I hadn't eaten or showered in that time and I was having a lot of trouble keeping water down.
The best I could do was hold little amounts of water in my mouth and even though
most of it dribbled out it seemed to be enough.
I really needed to see a doctor but I couldn't stand up without the
overpowering urge to fall to my knees and throw my head into the nearest
toilet/bowl/vase/any vessel capable of holding vomit.

After some calling around my girlfriend at the time discovered that
Auchenflower Medical Practice did after hours home visits.
I was half carried, half dragged out of the bedroom into the lounge area where
I slumped to floor then crawled onto the couch.
Quite literally as I was at this point on my hands and knees.

Finally the doctor arrived.
Hurrah I thought.
I could see the light at the end of this spew filled tunnel.
Oh hang on, that's not what I see.
What I actually see is the excruciatingly HOT sidekick-doctor that he has brought along.
She is young, quiet and looks clever. Like sexy clever.
Oh yeah, and here I am looking like I have the plague.
Complete with vomit on my sleeve.

He explains to me that he has some kind of miraculous medicine
and the quickest way for it to work is to inject it straight into my poor left butt cheek.
Fabulous.
But to be perfectly honest with you at this point I really didn't care
how terrible I looked.
I also wasn't worried about how giant that fucking needle was.
I even looked past the fact that a really hot girl was about to see my
ass in the exact opposite senario that I would have hoped for her to see it.
I honestly just wanted the vomiting to stop.
Which is why, as Dr Man was discussing the medical mumbo jumbo to Dr Smoking Hot,
I simply pulled down my pants, felt the chilly breeze hit my ass
and politely, if not desperately, begged
"Please just stick it in."
He obliged.

The next morning I awoke to a friend gently waving a bowl of
celery and lentil soup in front of my face.
I still felt unsure if I could hold anything down
but I soon found out that as soon as this magical soup touched my tongue
I could actually feel my energy levels rising.
It was exciting.
I was Mario and I had just aborbed a giant red and white mushroom.

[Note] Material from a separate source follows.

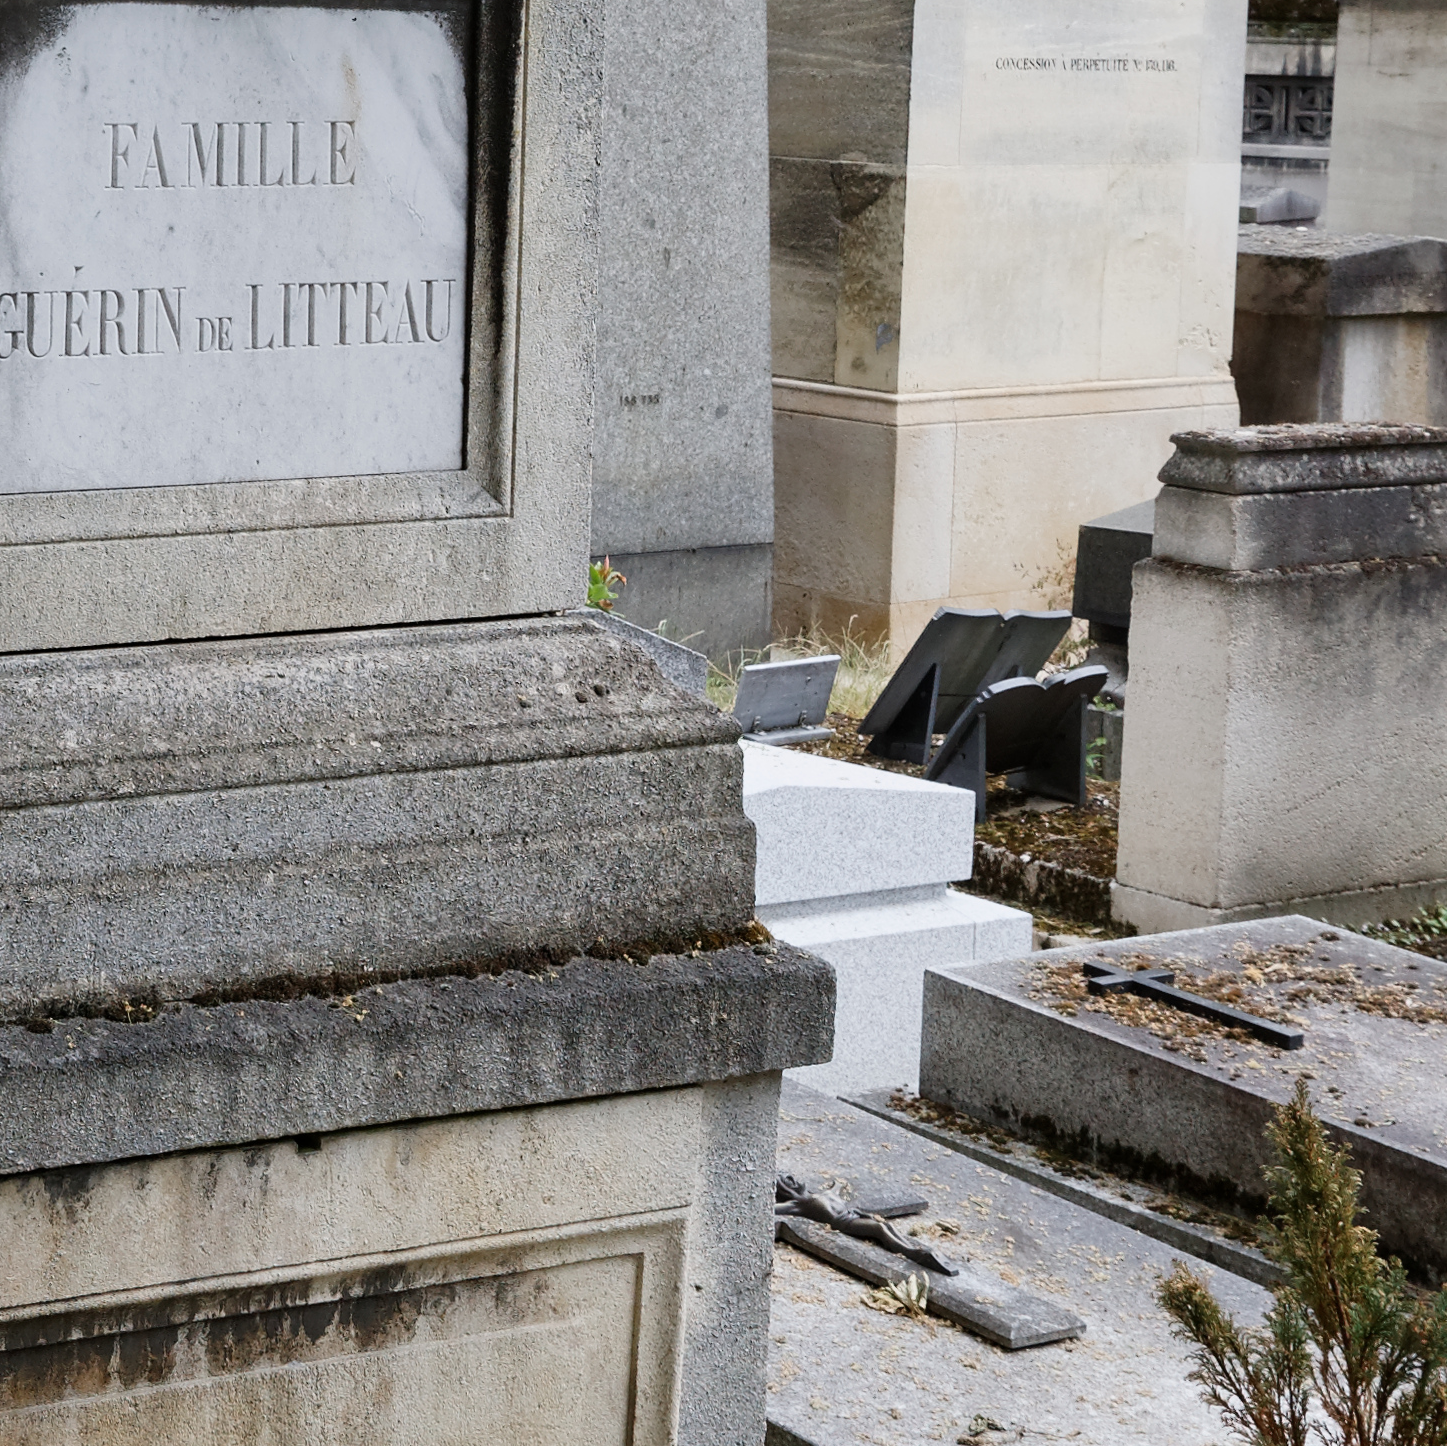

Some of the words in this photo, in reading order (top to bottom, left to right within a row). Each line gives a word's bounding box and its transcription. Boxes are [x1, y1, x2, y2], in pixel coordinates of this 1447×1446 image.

[994, 57, 1057, 71] CONCESSION
[103, 119, 358, 191] FAMILLE
[195, 315, 234, 353] DE
[243, 279, 456, 352] LITTEAU

I lived on that soup for the next 2 days and recovered quickly.

Now whenever I feel really sick or even just depleted of energy I make this soup
(or have someone make it for me)

So I thought I would share it with you.

Celery & Lentil Soup
  • 1 large onion, chopped
  • 4 cloves of garlic, diced
  • 2 carrots, cubed
  • 1 1/2 cups of dried red lentils, soaked for at least an hour in cold water
  • 3 cups vege stock (approx)
  • 4-5 sticks of celery, roughly chopped
  • 1 sachet of Bouquet Garni
  • olive oil
  • pepper to season
  • parsley for garnish (but when you're sick that shit doesn't matter)

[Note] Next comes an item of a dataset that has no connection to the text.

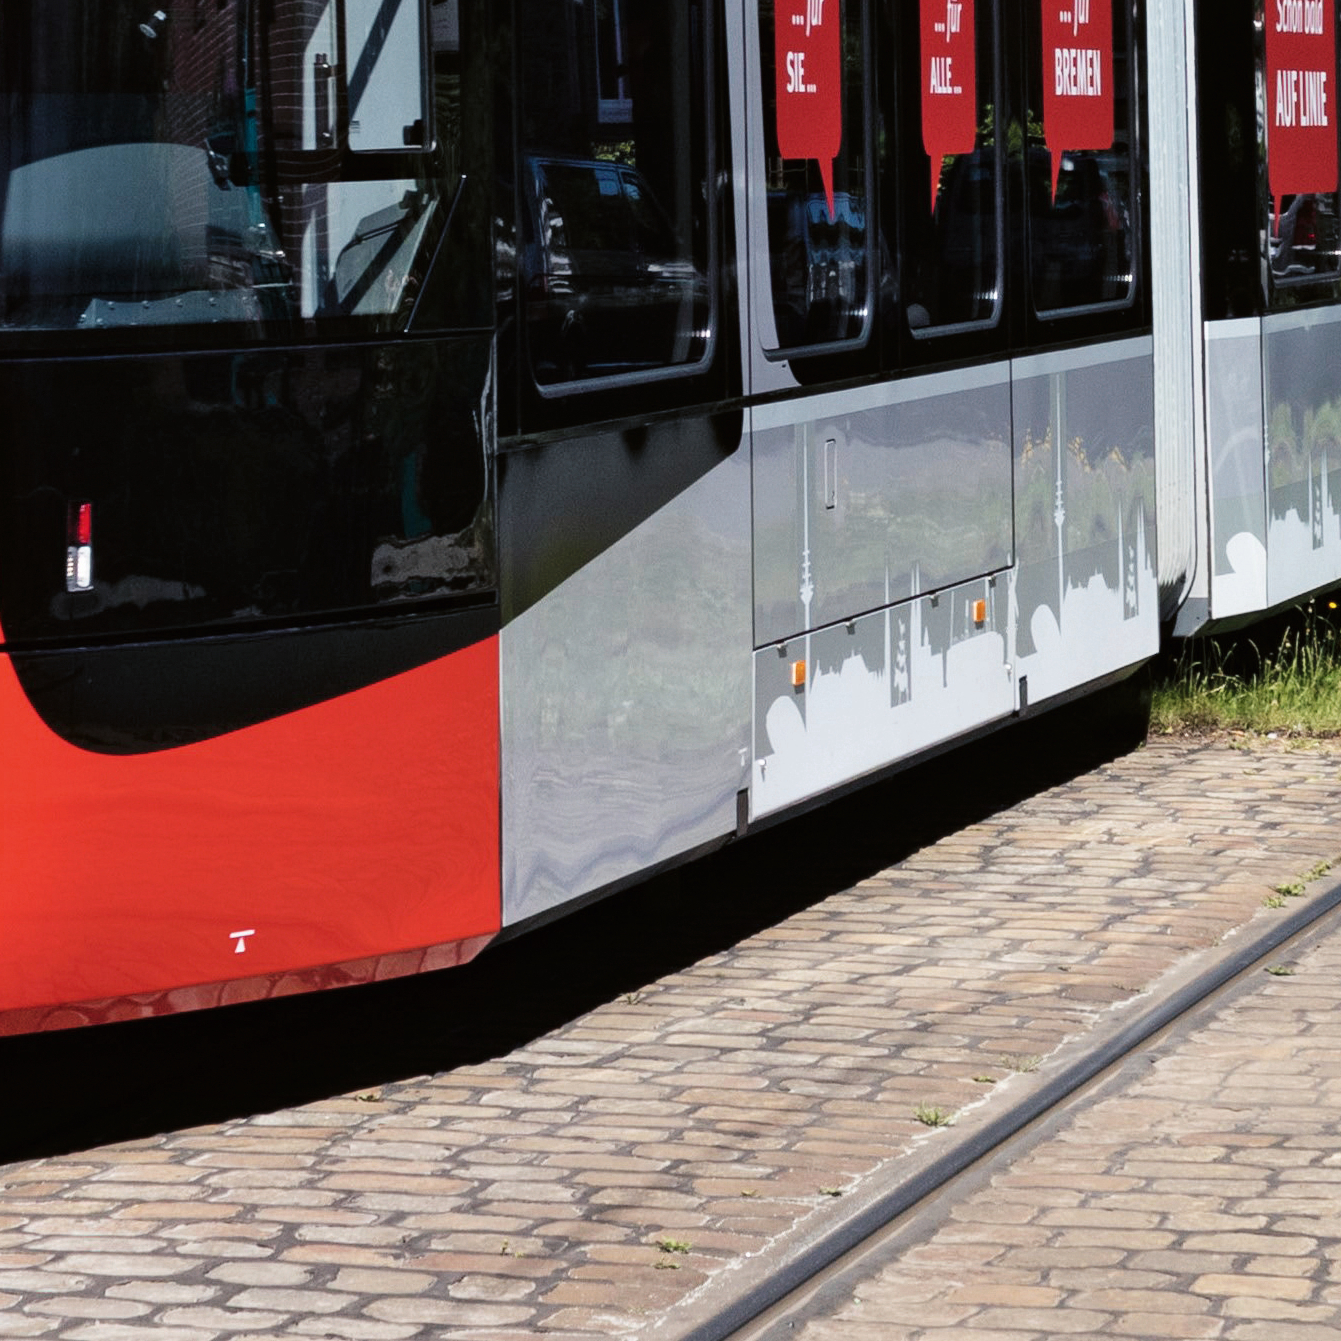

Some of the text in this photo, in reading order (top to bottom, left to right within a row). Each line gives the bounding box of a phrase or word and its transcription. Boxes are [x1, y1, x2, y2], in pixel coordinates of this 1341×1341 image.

[1054, 48, 1101, 96] BREMEN
[1276, 70, 1328, 127] AUF LINIE

Heat the oil on medium and add your onion.
Once softened (dont let it burn) add your carrots, celery,
soaked lentils and garlic.
Mix together then add vege stock and bouquet garni sachet.
Give it a stir then cover and gently simmer for 25-30 min
Remove the sachet.
To break up the celery and carrot chunks I just use a potato masher.
But one of those hand held shuuzzzing things
that people usually use to pulverize chunky soup work well too.
Just don't get carried away.
Let me be clear, you dont want your soup to be a paste.
Just aim for the celery and carrot chunks.
Let the lentils be lentils.
Garnish it if you must.

Now I have a confession.
I'm healthy right now and quite frankly simply too lazy to
cook and take photos of this soup myself so went google image searching.
I couldn't find an image that looks exactly like mine but here is one that's kinda close.
However because I use a large amount of celery mine always looks much more army green.
See how I said 'army green' instead of 'baby poo green'?
Because lets face it, no one wants to see the word 'poo' in a recipe.


Hope you don't get sick enough to need it!